§ **DIRECTIONS FOR THIS TASK**:
Output each record below exactly as it stands, leaving out the pictures.

-------- ENTRIES SUPPLIED

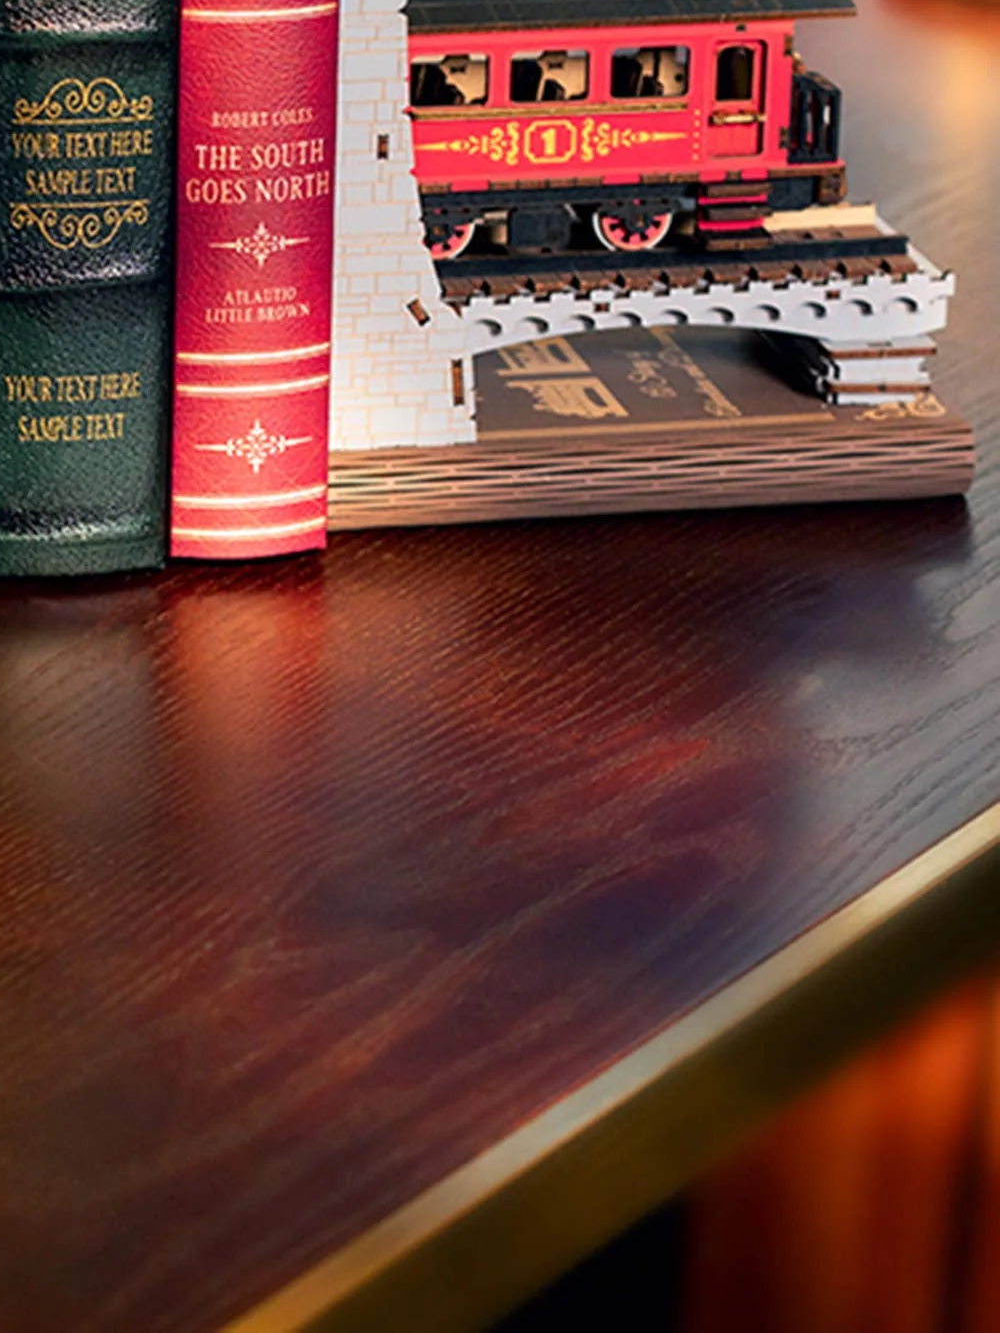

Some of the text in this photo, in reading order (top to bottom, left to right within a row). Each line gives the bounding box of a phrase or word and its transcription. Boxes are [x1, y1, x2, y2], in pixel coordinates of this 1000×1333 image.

[12, 129, 153, 158] YOUR TEXT HERE
[195, 137, 325, 170] THE SOUTH
[541, 127, 556, 156] 1
[25, 166, 136, 196] SAMPLE TEXT
[186, 170, 330, 204] GOES NORTH
[205, 307, 254, 323] LITTLE
[4, 370, 142, 404] YOUR TEXT HERE
[18, 412, 126, 442] SAMPLE TEXT
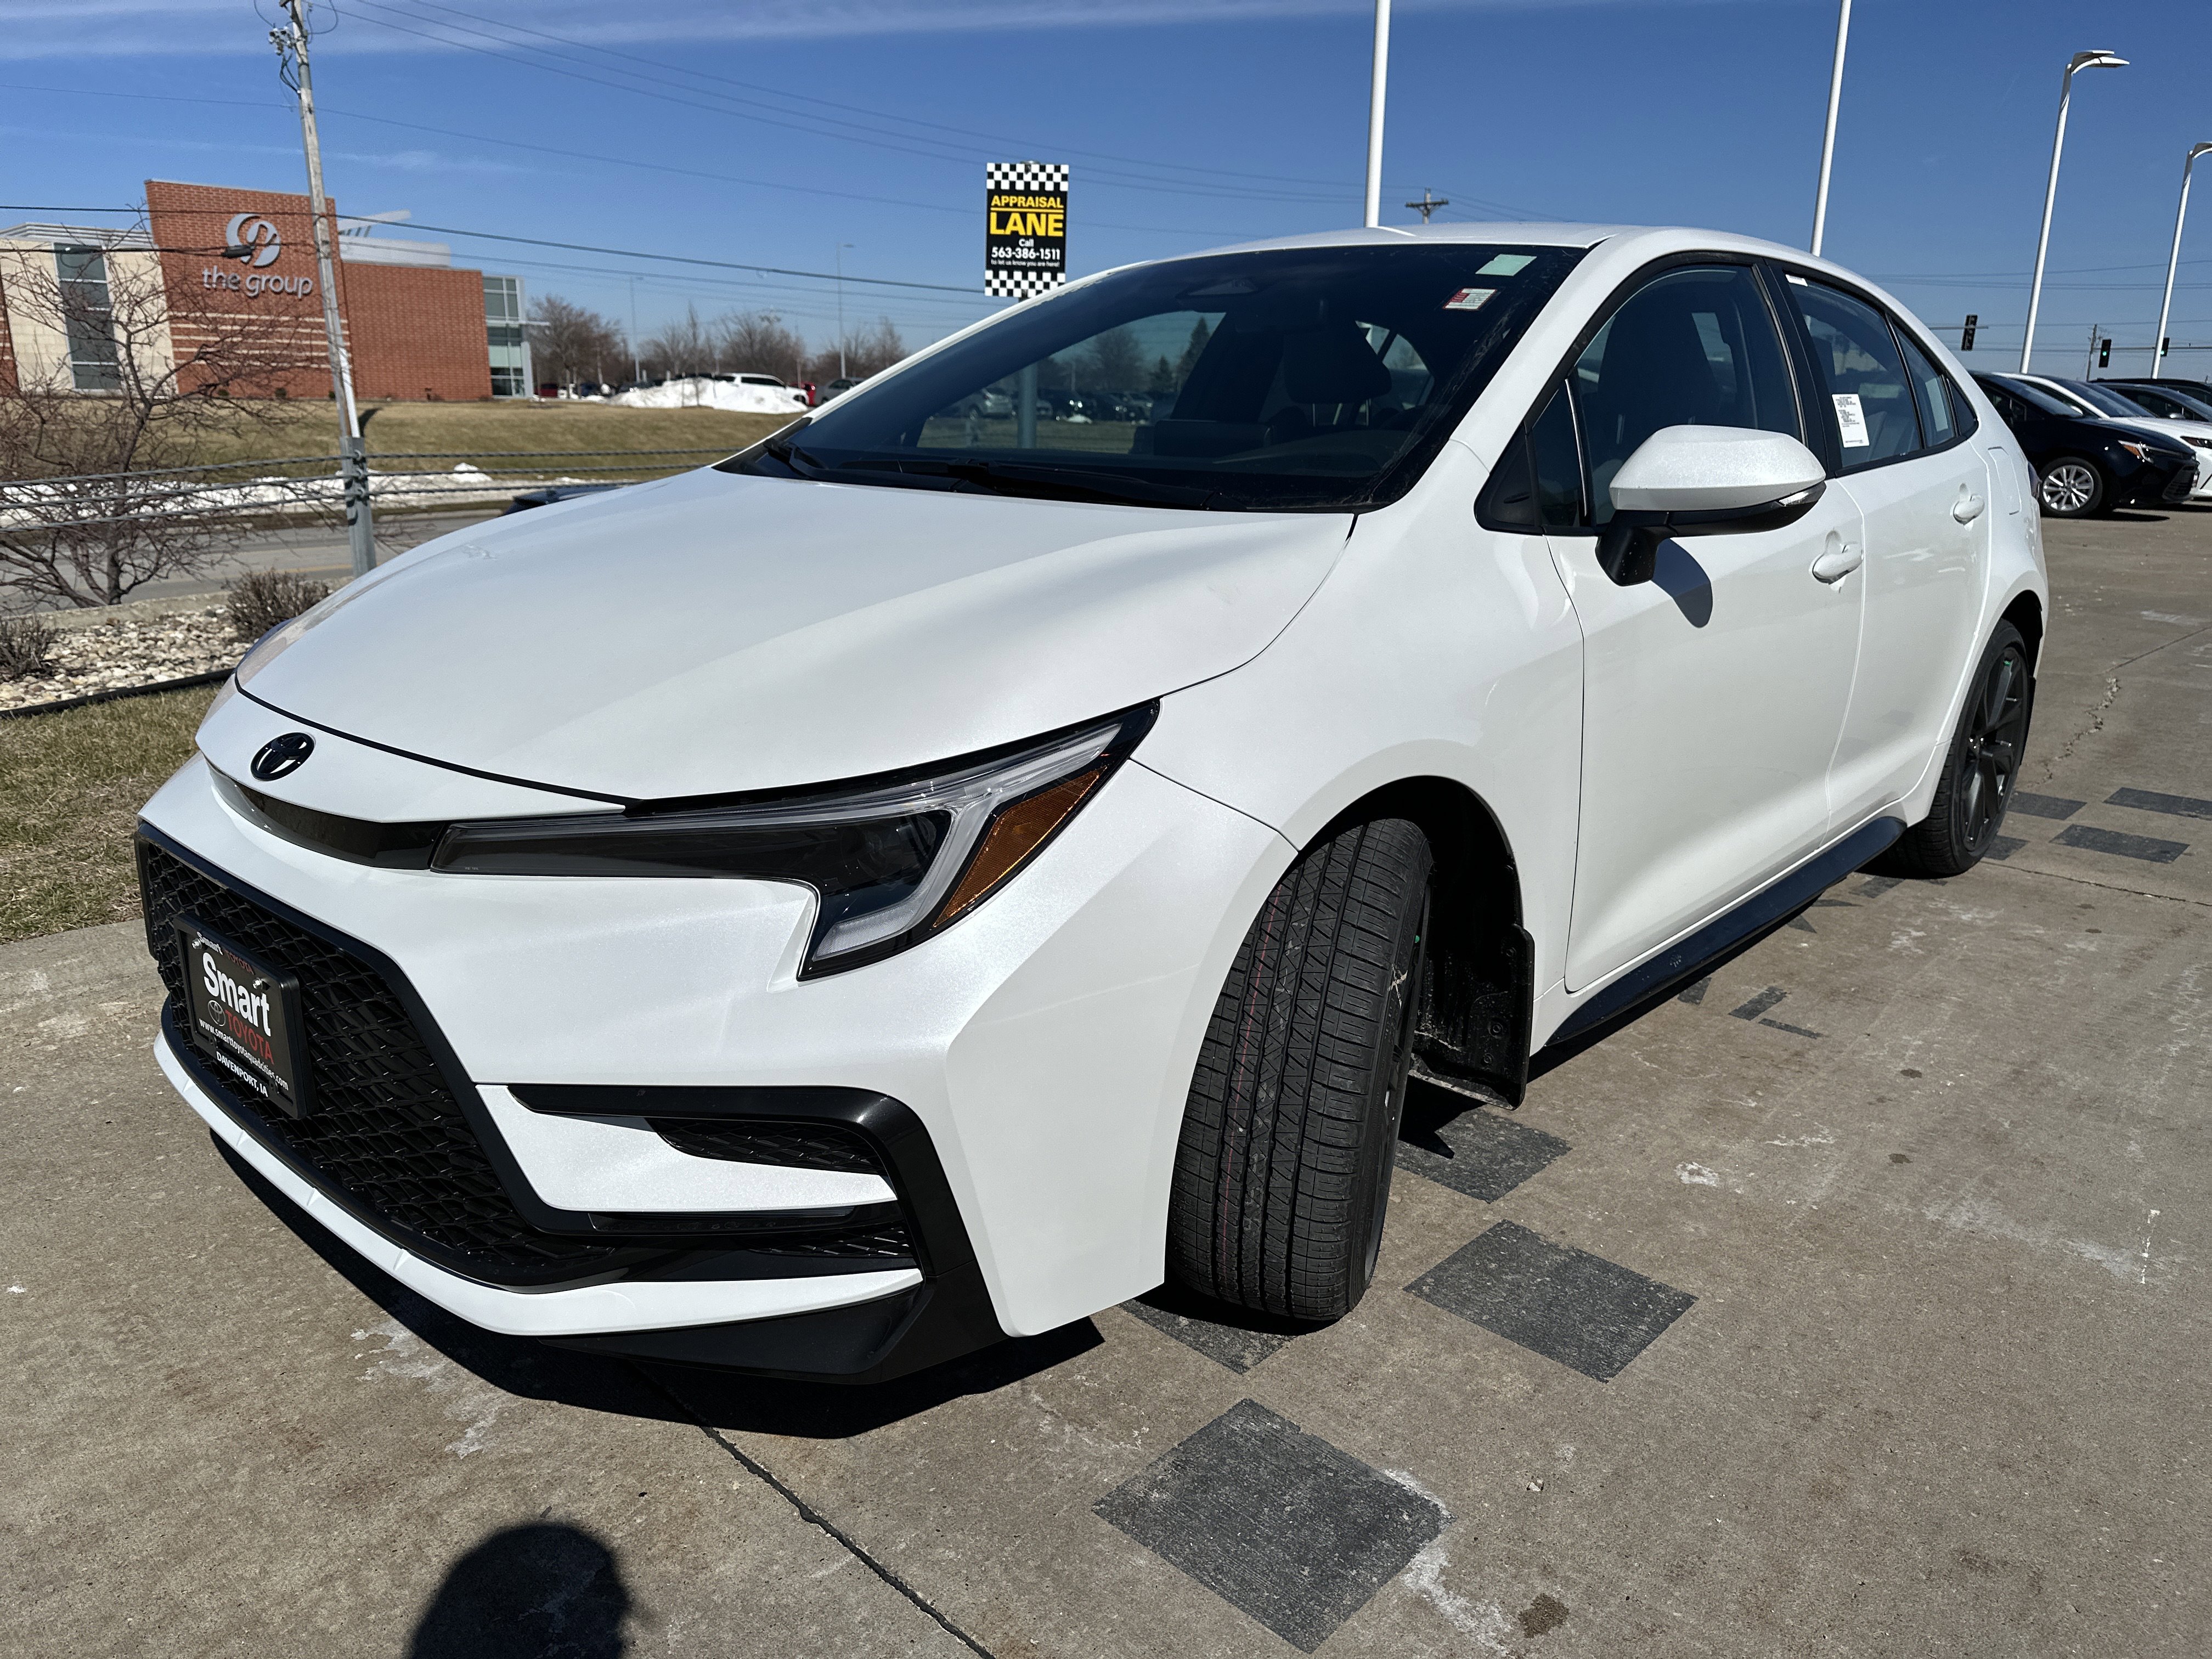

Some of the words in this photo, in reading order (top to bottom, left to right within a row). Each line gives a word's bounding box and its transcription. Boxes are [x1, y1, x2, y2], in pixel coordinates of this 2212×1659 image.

[991, 195, 1064, 208] APPRAISAL
[990, 212, 1063, 237] LANE
[991, 246, 1060, 260] 563-386-1511
[1018, 238, 1034, 247] Call
[202, 265, 240, 290] the
[246, 274, 313, 299] group
[197, 932, 223, 956] Smart
[203, 952, 272, 1037] Smart
[225, 1009, 274, 1065] TOYOTA
[199, 1018, 289, 1091] www.smarttoyotaquadcities.com
[259, 1082, 268, 1097] IA

----------------

§ **THE COMPLETED TASK**:
Some of the text in this photo, in reading order (top to bottom, left to right within a row). Each line gives the bounding box of a phrase or word and its transcription. Boxes are [x1, y1, x2, y2], in pixel coordinates of this 1000×1333 image.

[12, 129, 153, 158] YOUR TEXT HERE
[195, 137, 325, 170] THE SOUTH
[541, 127, 556, 156] 1
[25, 166, 136, 196] SAMPLE TEXT
[186, 170, 330, 204] GOES NORTH
[205, 307, 254, 323] LITTLE
[4, 370, 142, 404] YOUR TEXT HERE
[18, 412, 126, 442] SAMPLE TEXT

Some of the words in this photo, in reading order (top to bottom, left to right within a row). Each line gives a word's bounding box and its transcription. Boxes are [x1, y1, x2, y2], in pixel coordinates of this 2212×1659 image.

[991, 195, 1064, 208] APPRAISAL
[990, 212, 1063, 237] LANE
[991, 246, 1060, 260] 563-386-1511
[1018, 238, 1034, 247] Call
[202, 265, 240, 290] the
[246, 274, 313, 299] group
[197, 932, 223, 956] Smart
[203, 952, 272, 1037] Smart
[225, 1009, 274, 1065] TOYOTA
[199, 1018, 289, 1091] www.smarttoyotaquadcities.com
[259, 1082, 268, 1097] IA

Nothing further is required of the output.